Items from a dataset:
*** Begin section ***

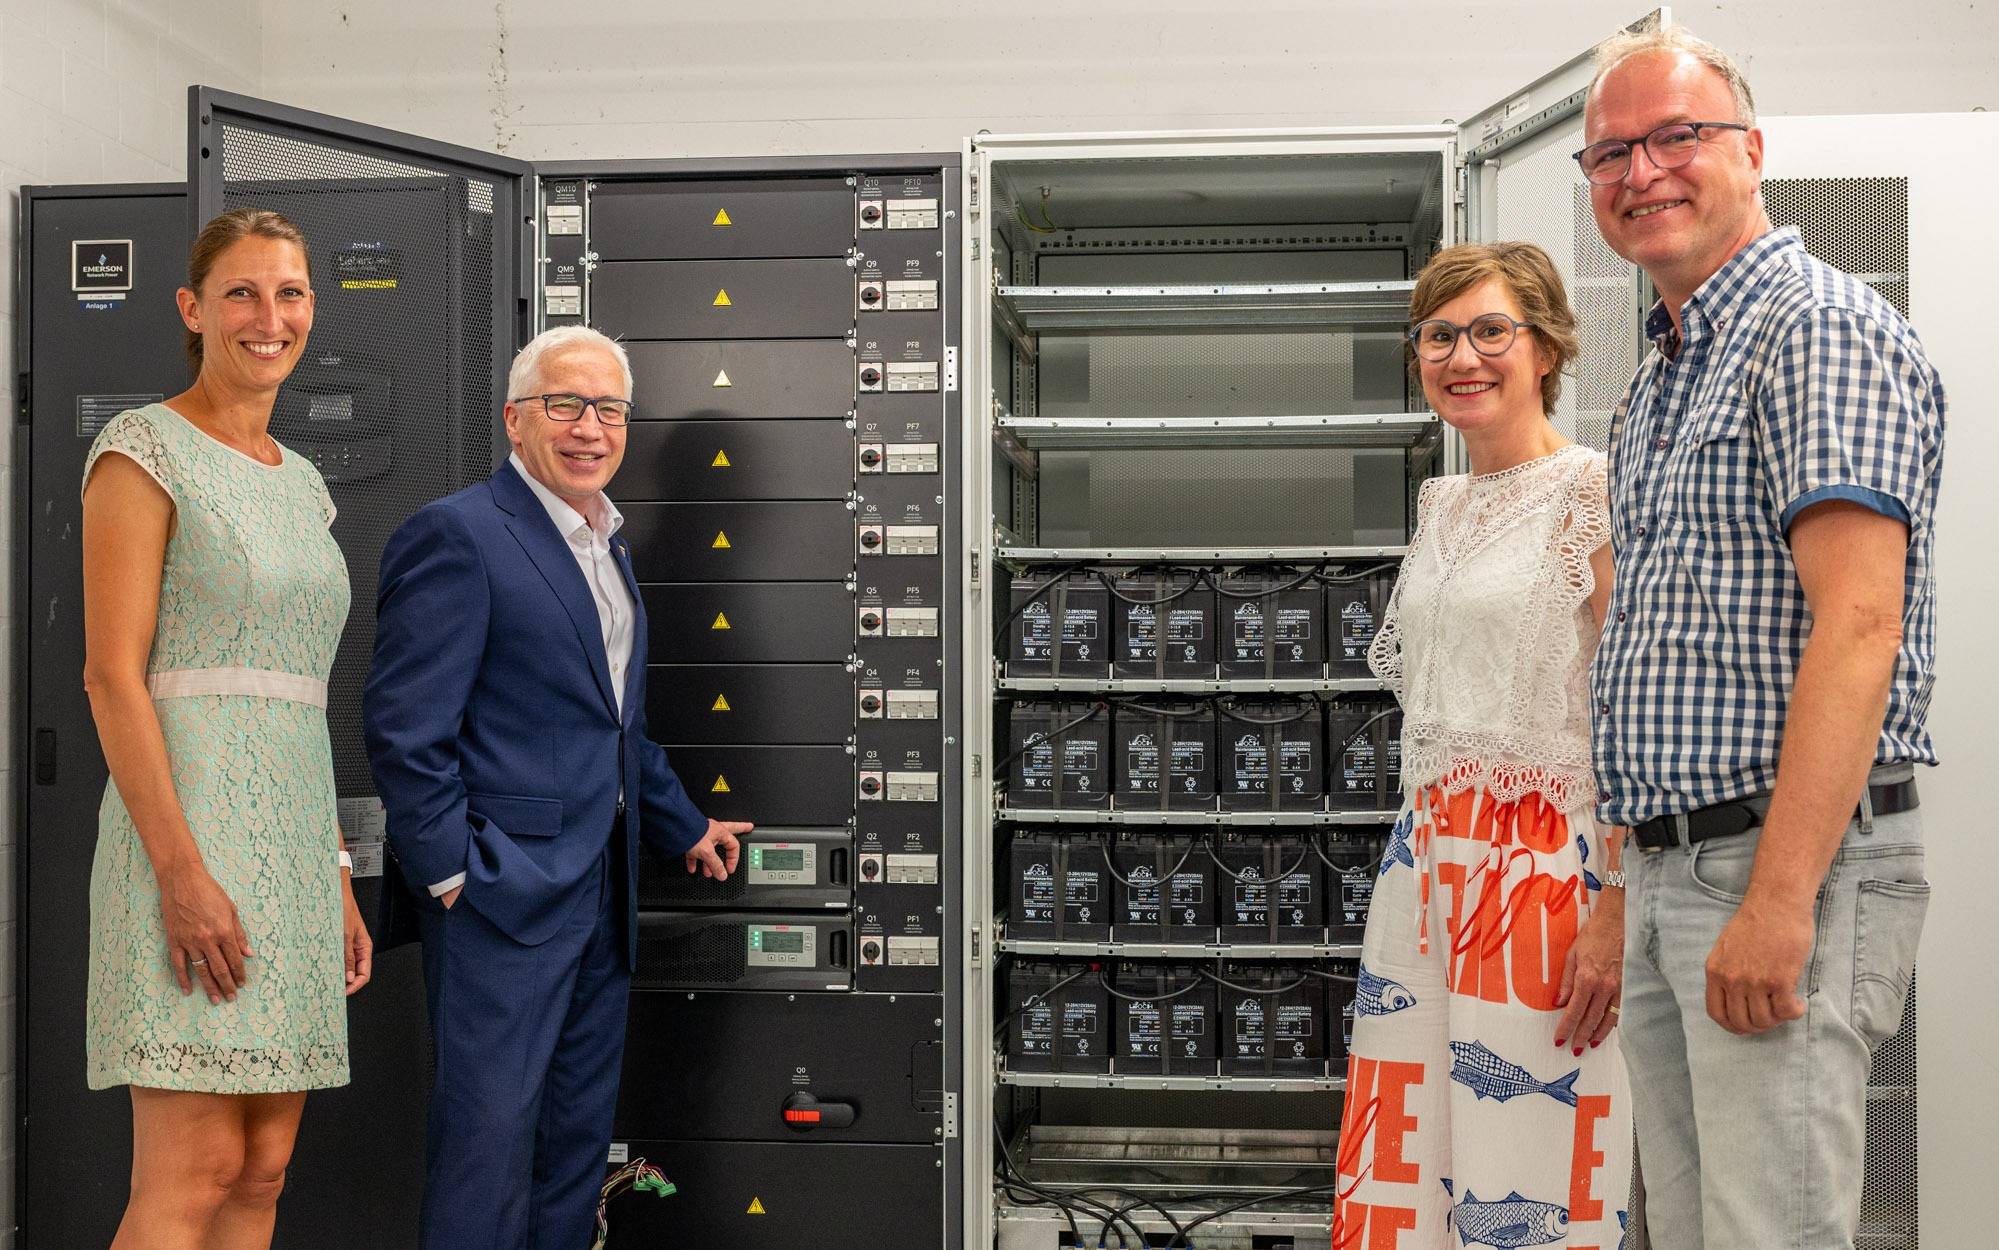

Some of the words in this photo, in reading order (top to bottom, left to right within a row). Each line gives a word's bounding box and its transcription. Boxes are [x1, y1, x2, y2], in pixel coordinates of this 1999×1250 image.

[864, 179, 879, 187] Q10
[555, 185, 577, 193] QM10
[866, 260, 877, 269] Q9
[83, 265, 123, 273] EMERSON
[557, 265, 575, 273] QM9
[86, 302, 108, 310] Anlage
[866, 341, 877, 350] Q8
[906, 341, 920, 349] PF8
[866, 423, 877, 432] Q7
[866, 504, 877, 513] Q6
[907, 504, 920, 512] PF6
[866, 586, 877, 595] Q5
[907, 586, 920, 594] PF5
[866, 669, 877, 677] Q4
[866, 750, 877, 759] Q3
[866, 833, 877, 841] Q2
[866, 915, 877, 923] Q1
[907, 915, 920, 923] PF1
[796, 1066, 806, 1074] Q0

*** End section ***

* WHAT IS BEING ASKED
Pictures must not appear in the copy, and every record must be restated word for word.

* EXPECTED ANSWER
Some of the words in this photo, in reading order (top to bottom, left to right within a row). Each line gives a word's bounding box and its transcription. Boxes are [x1, y1, x2, y2], in pixel coordinates of this 1999×1250 image.

[864, 179, 879, 187] Q10
[555, 185, 577, 193] QM10
[866, 260, 877, 269] Q9
[83, 265, 123, 273] EMERSON
[557, 265, 575, 273] QM9
[86, 302, 108, 310] Anlage
[866, 341, 877, 350] Q8
[906, 341, 920, 349] PF8
[866, 423, 877, 432] Q7
[866, 504, 877, 513] Q6
[907, 504, 920, 512] PF6
[866, 586, 877, 595] Q5
[907, 586, 920, 594] PF5
[866, 669, 877, 677] Q4
[866, 750, 877, 759] Q3
[866, 833, 877, 841] Q2
[866, 915, 877, 923] Q1
[907, 915, 920, 923] PF1
[796, 1066, 806, 1074] Q0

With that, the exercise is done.